An exact copy of every entry below is required, and no picture may appear in it.

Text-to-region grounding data
┏━━

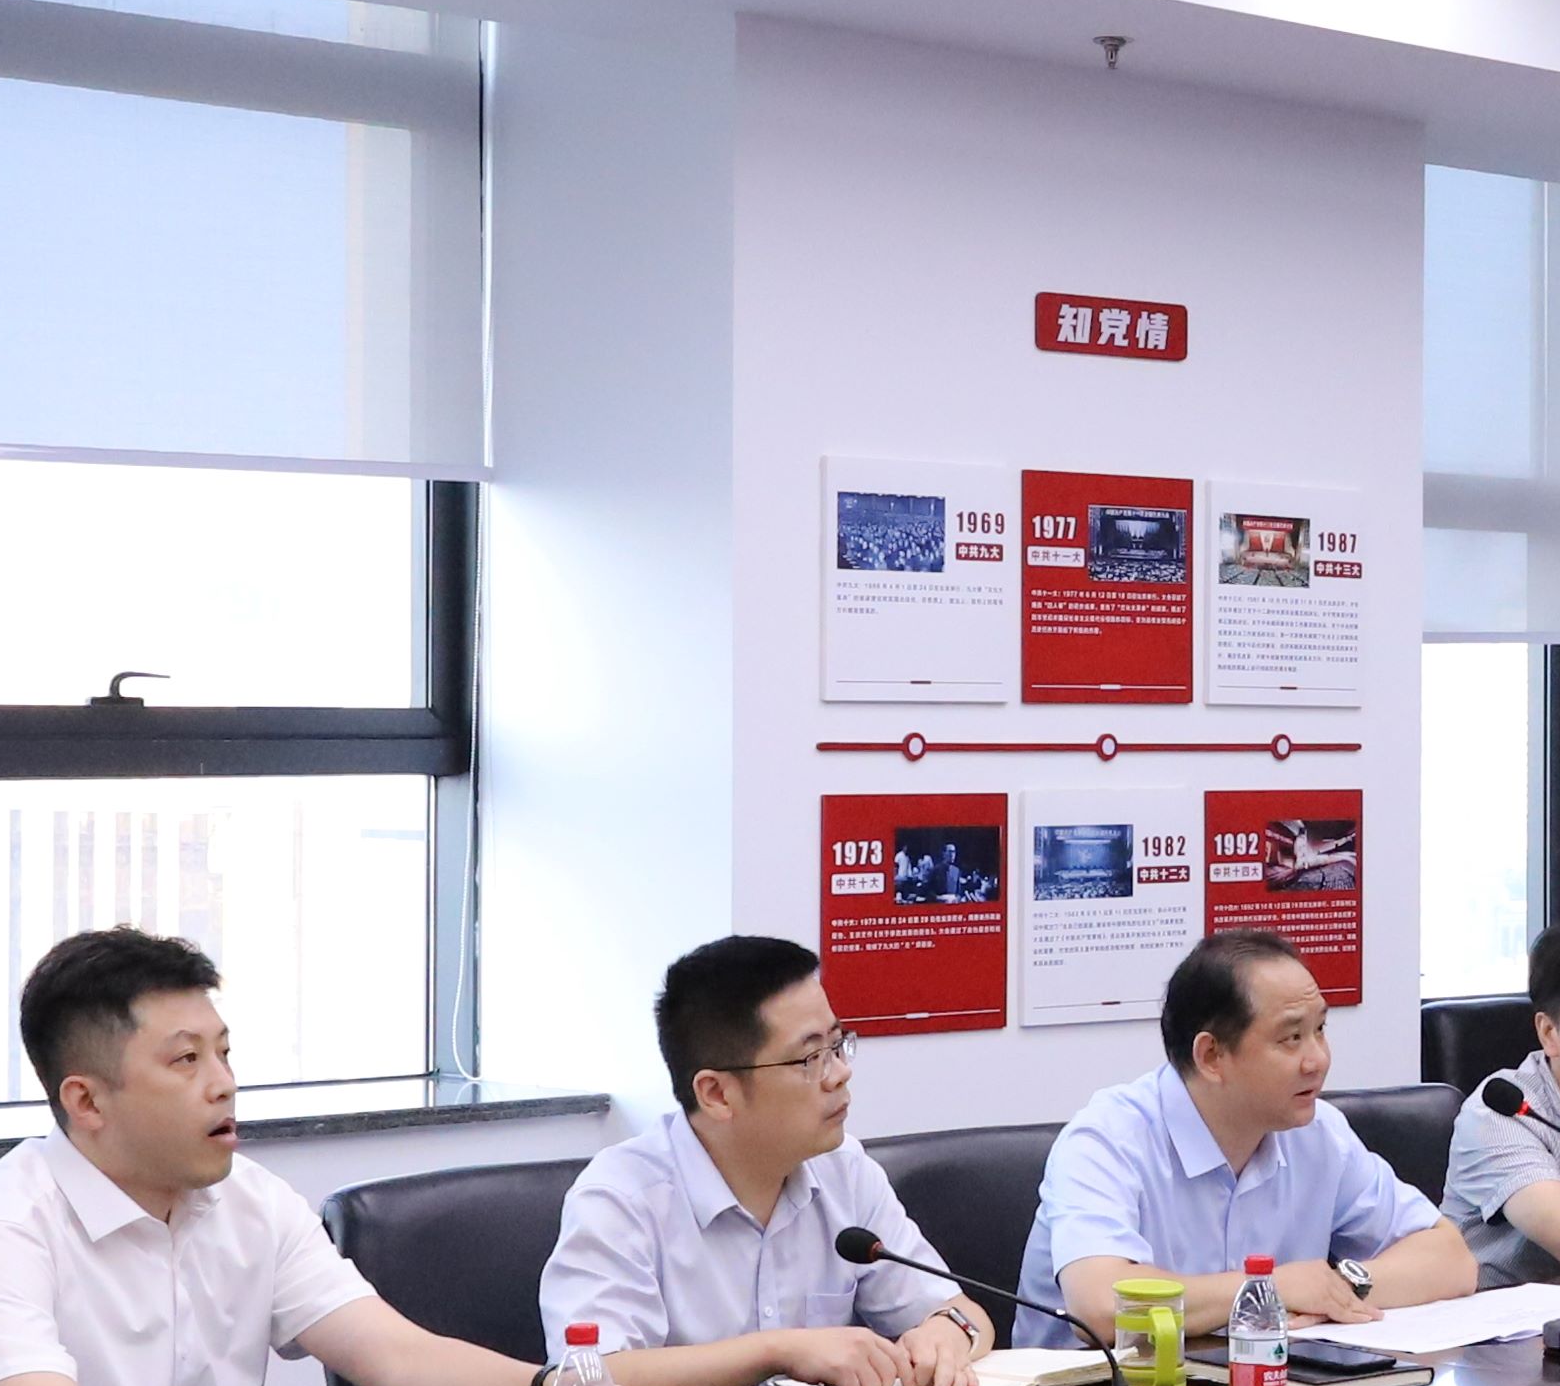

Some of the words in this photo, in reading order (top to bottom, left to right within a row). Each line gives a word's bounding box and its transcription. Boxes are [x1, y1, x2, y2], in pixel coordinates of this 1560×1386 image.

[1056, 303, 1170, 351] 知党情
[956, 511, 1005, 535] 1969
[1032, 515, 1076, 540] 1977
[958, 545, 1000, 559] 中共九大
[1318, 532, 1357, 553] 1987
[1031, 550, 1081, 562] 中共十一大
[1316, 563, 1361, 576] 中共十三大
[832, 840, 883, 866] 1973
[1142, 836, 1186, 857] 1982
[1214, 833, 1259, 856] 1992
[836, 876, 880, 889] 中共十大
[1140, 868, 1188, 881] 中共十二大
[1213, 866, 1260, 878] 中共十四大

┗━━

EXERCISE RESULT:
Some of the words in this photo, in reading order (top to bottom, left to right within a row). Each line gives a word's bounding box and its transcription. Boxes are [x1, y1, x2, y2], in pixel coordinates of this 1560×1386 image.

[1056, 303, 1170, 351] 知党情
[956, 511, 1005, 535] 1969
[1032, 515, 1076, 540] 1977
[958, 545, 1000, 559] 中共九大
[1318, 532, 1357, 553] 1987
[1031, 550, 1081, 562] 中共十一大
[1316, 563, 1361, 576] 中共十三大
[832, 840, 883, 866] 1973
[1142, 836, 1186, 857] 1982
[1214, 833, 1259, 856] 1992
[836, 876, 880, 889] 中共十大
[1140, 868, 1188, 881] 中共十二大
[1213, 866, 1260, 878] 中共十四大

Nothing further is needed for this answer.